The 29th annual Physics of Atomic Nuclei (PAN) program ran July 25-29. This year’s program marked the return to in-person events after two years of PAN online. The goals were unchanged: to give motivated high-school students an authentic research experience while connecting them to current scientists and an inside view of academia.
Twenty-three high-school students attended this year’s PAN program, and 12 MSU students volunteered for various parts of the program. JINA drew more than 20 volunteers from the Facility for Rare Isotope Beams (FRIB) and MSU’s Department of Physics and Astronomy to create and share the program content: lectures, activities, and experiments. Lectures included an overview of radiation detection, an exploration of the matter/antimatter disparity in our universe, and the history of nuclei created since the Big Bang. Students created their own neutron capture process models, simulated nuclear fragmentation to create rare isotopes, explored the density of galaxies via images from the James Webb Space Telescope, and built a 3D model of the chart of nuclides with towers of LEGO bricks to represent the energy per particle for each isotope.
After conducting three capstone experiments at PAN 2022, student research teams reported on them at a poster session on the final afternoon.
1. Creating the Isotopes: Using modeling code they could run on their own laptops, students could select any isotope and generate the energies, angular momenta, and spins associated with the motion of one proton or neutron in the presence of all other nucleons in that nucleus. The resulting level schemes and emergent patterns helped them understand stability, magic numbers, beta decay, the location of the proton and neutron drip lines, and the nuclear "spin." All of these are important for understanding the role that each isotope plays in astrophysics.
2. Gamma Spectroscopy: Students learned to use sodium-iodide detectors to pick up and identify gamma rays from a variety of radioactive sources. They used known sources (cesium-137 and cobalt-60) to calibrate their detectors before attempting to identify an unknown source. They learned the importance of incorporating two or more points in their calibration as they searched for radioisotopes that could fit their data while simultaneously fitting in the university laboratory environment.

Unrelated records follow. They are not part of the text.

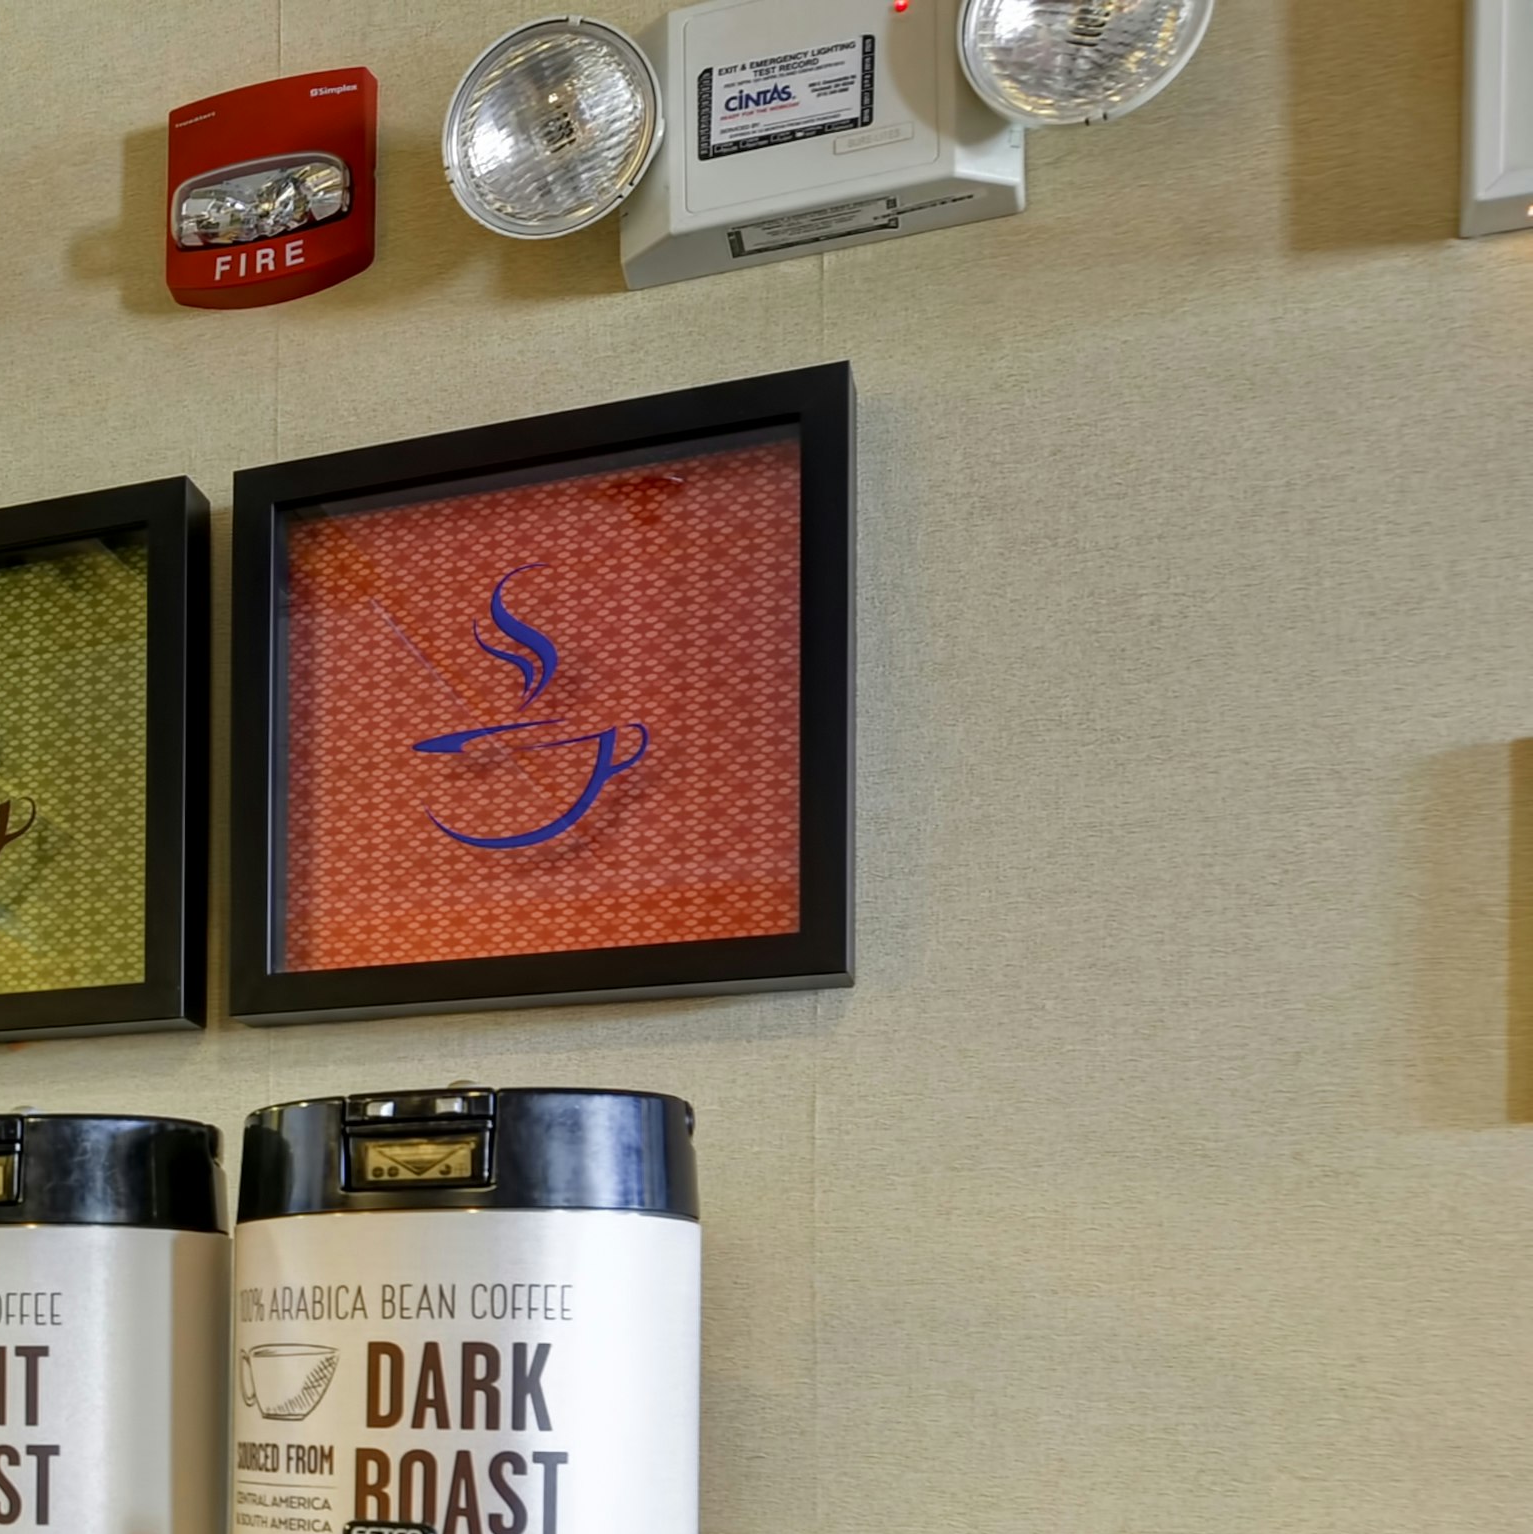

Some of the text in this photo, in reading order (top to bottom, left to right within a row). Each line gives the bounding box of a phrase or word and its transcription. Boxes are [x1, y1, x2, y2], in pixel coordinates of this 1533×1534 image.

[718, 65, 738, 76] EXIT
[740, 63, 747, 72] &
[749, 51, 809, 69] EMERGENCY
[811, 41, 856, 57] LIGHTING
[753, 66, 776, 77] TEST
[779, 58, 819, 72] RECORD
[214, 239, 305, 281] FIRE
[269, 1284, 368, 1323] ARABICA
[381, 1283, 457, 1320] BEAN
[470, 1283, 575, 1321] COFFEE
[365, 1340, 554, 1432] DARK
[237, 1441, 334, 1476] SOURCED FROM
[270, 1494, 333, 1511] AMERICA
[269, 1515, 334, 1534] AMERICA
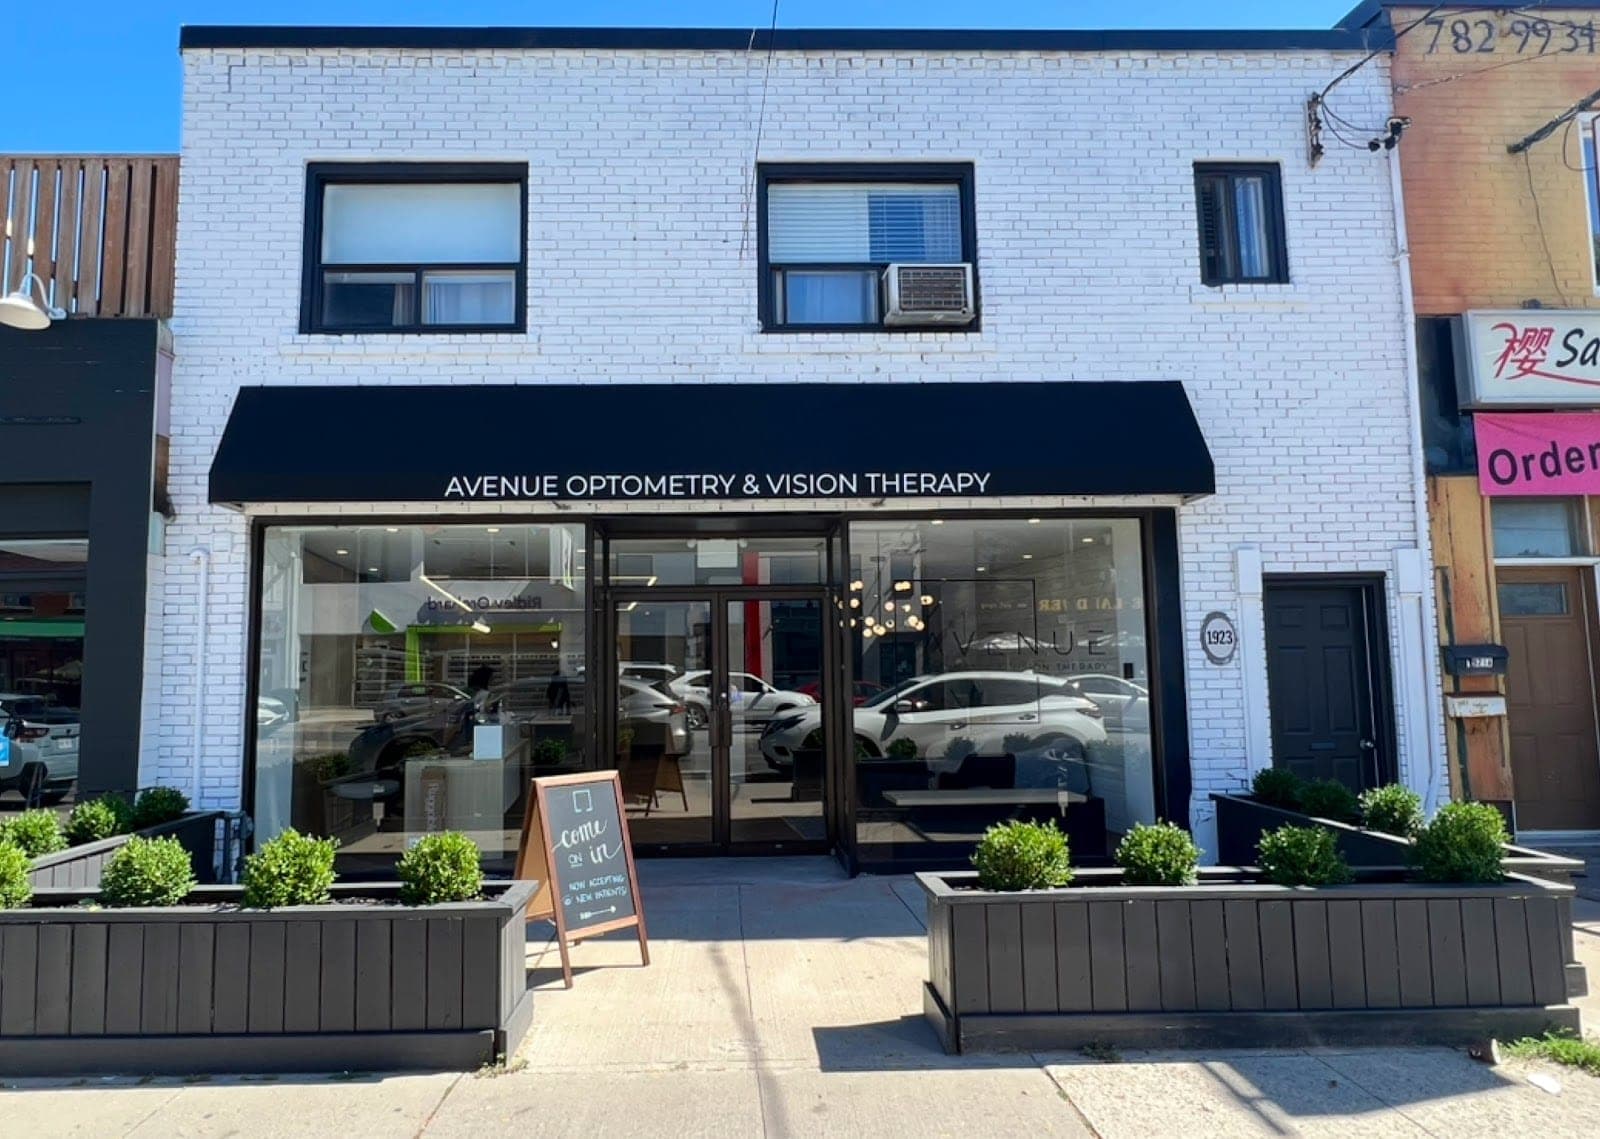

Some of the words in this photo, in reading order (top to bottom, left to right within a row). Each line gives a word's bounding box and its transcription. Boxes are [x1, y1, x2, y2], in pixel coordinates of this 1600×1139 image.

[1424, 17, 1495, 54] 782
[1488, 441, 1600, 485] Order
[444, 475, 558, 497] AVENUE
[565, 474, 735, 496] OPTOMETRY
[743, 474, 760, 495] &
[766, 473, 858, 495] VISION
[864, 472, 991, 494] THERAPY
[1207, 629, 1233, 645] 1923
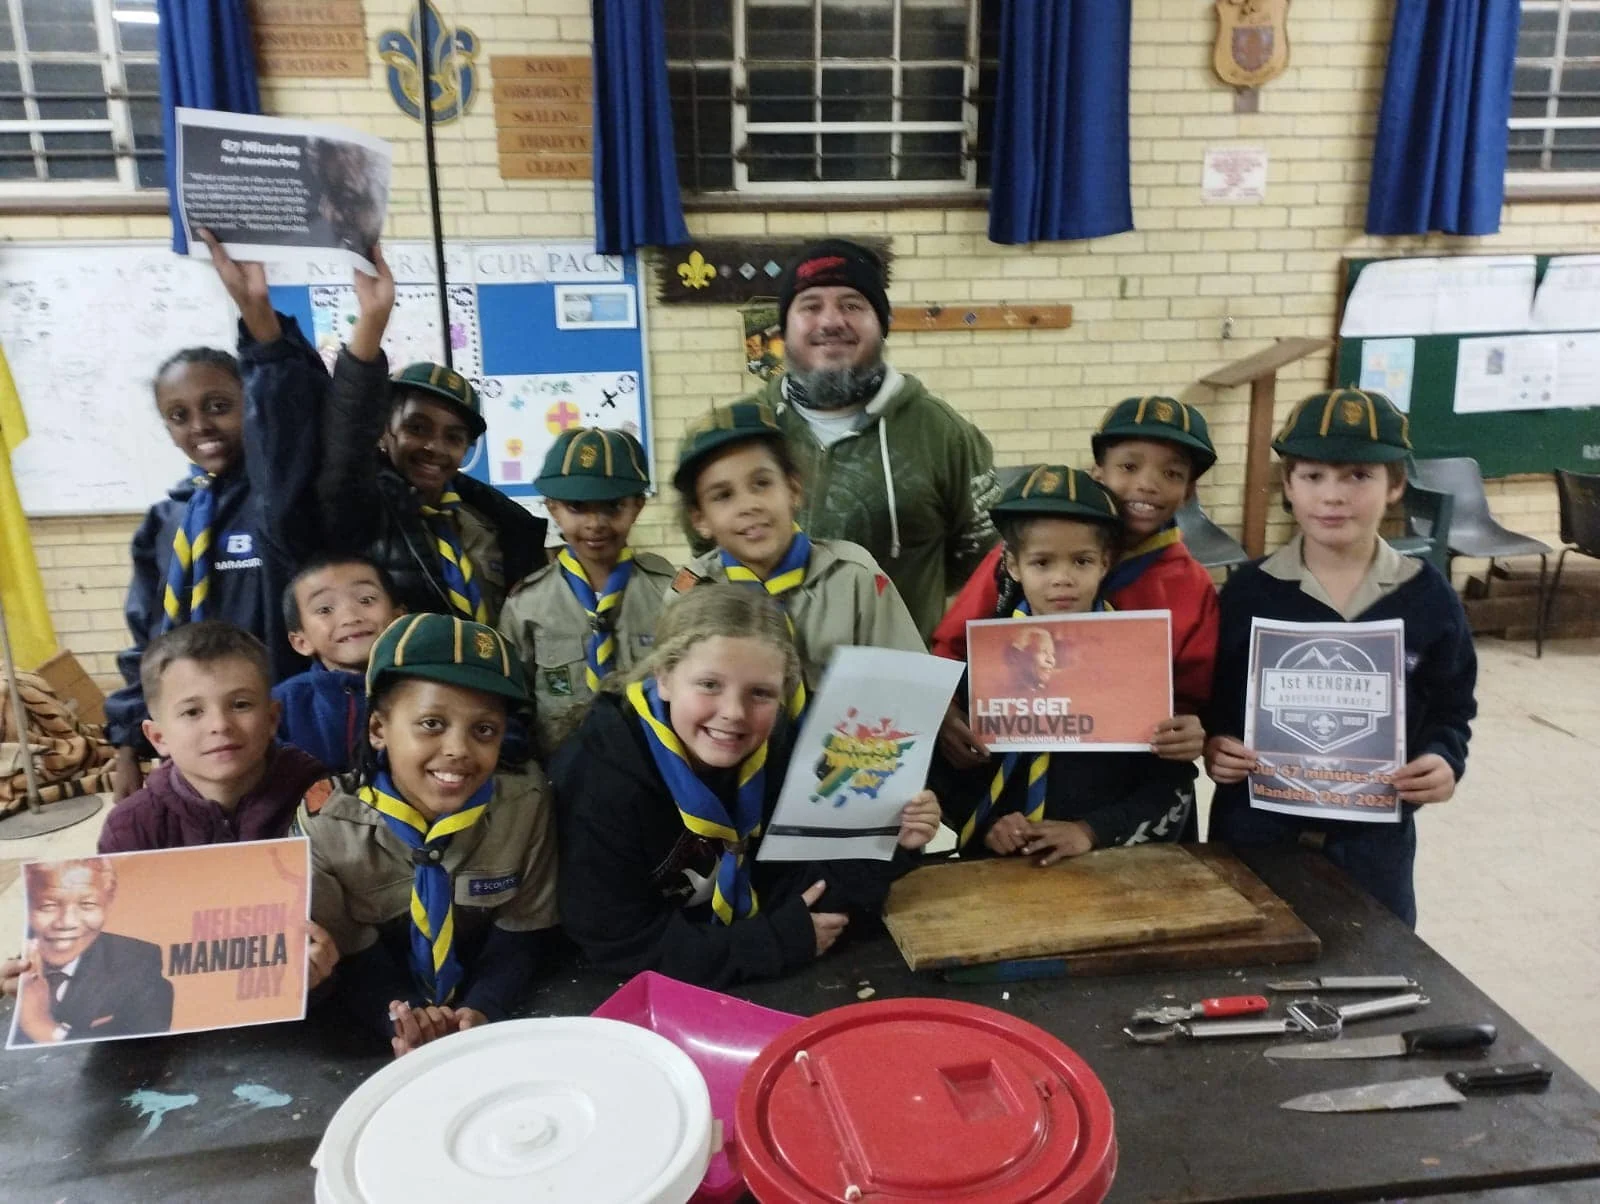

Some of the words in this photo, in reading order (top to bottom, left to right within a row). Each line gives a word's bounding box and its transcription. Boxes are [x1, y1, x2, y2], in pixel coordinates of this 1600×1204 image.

[477, 253, 539, 275] CUB
[546, 252, 620, 273] PACK
[226, 534, 253, 554] B
[1281, 676, 1301, 690] 1st
[1307, 676, 1371, 693] KENGRAY
[1032, 697, 1072, 716] GET
[976, 714, 1095, 736] INVOLVED
[1303, 768, 1369, 784] minutes
[1372, 773, 1392, 785] fo
[1254, 783, 1317, 802] Mandela
[1319, 789, 1350, 807] Day
[191, 902, 287, 941] NELSON
[168, 932, 288, 977] MANDELA
[236, 965, 285, 1001] DAY

3. Half-Life: Building on their spectroscopy experience, students were expected to recalibrate their detectors. After learning about the statistics of radiation and how to identify the half-life, the research teams were asked to create a plan for studying an AmBe neutron source and the presence of cadmium in silver coins. The teams proposed experiments and then measured the decays of radioactive (neutron-activated) silver-108 and silver-110 to establish their lifetimes.
PAN participants were housed in a residence hall with chaperones who were current MSU physics students. These volunteers, along with several other undergraduates and graduate students, mentored the students by sharing their experience in the field and the path that led them to it. Nearly half of those mentors were PAN alumni themselves!
Post-survey data indicates that PAN 2022 had a very similar impact as previous programs, whether they were in-person or online. Students commonly expressed these lessons learned:
- PAN improved their understanding of science careers and gave a positive impression of higher education
- They can belong in physics research
- They don’t have to follow a “conventional” career path
- For those who hadn’t considered physics and/or nuclear astrophysics for their college major and/or career, PAN increased their interest in that path
- For those who were previously interested in a physics career, PAN further inspired them to pursue their dream
Students, organizers, and volunteers were very pleased with the program. In the words of one student: “This pre-college program made me even more excited about attending college. It gave me huge insight on the ins and outs of the physics world of research and experiments. There were times where I felt discouraged because the topics we were learning about were very complex, but the faculty encouraged me. This program taught me that you can't be afraid to ask questions. I also discovered so many physics fields that I had never even thought of before.”
FRIB and JINA-CEE jointly organized and sponsored PAN 2022.
The Joint Institute for Nuclear Astrophysics - Center for the Evolution of the Elements (JINA-CEE) is a National Science Foundation Physics Frontiers Center that enables rapid communication and coordination across field boundaries and connects new research.
Michigan State University operates the Facility for Rare Isotope Beams (FRIB) as a user facility for the U.S. Department of Energy Office of Science (DOE-SC), supporting the mission of the DOE-SC Office of Nuclear Physics. Hosting what is designed to be the most powerful heavy-ion accelerator, FRIB enables scientists to make discoveries about the properties of rare isotopes in order to better understand the physics of nuclei, nuclear astrophysics, fundamental interactions, and applications for society, including in medicine, homeland security, and industry.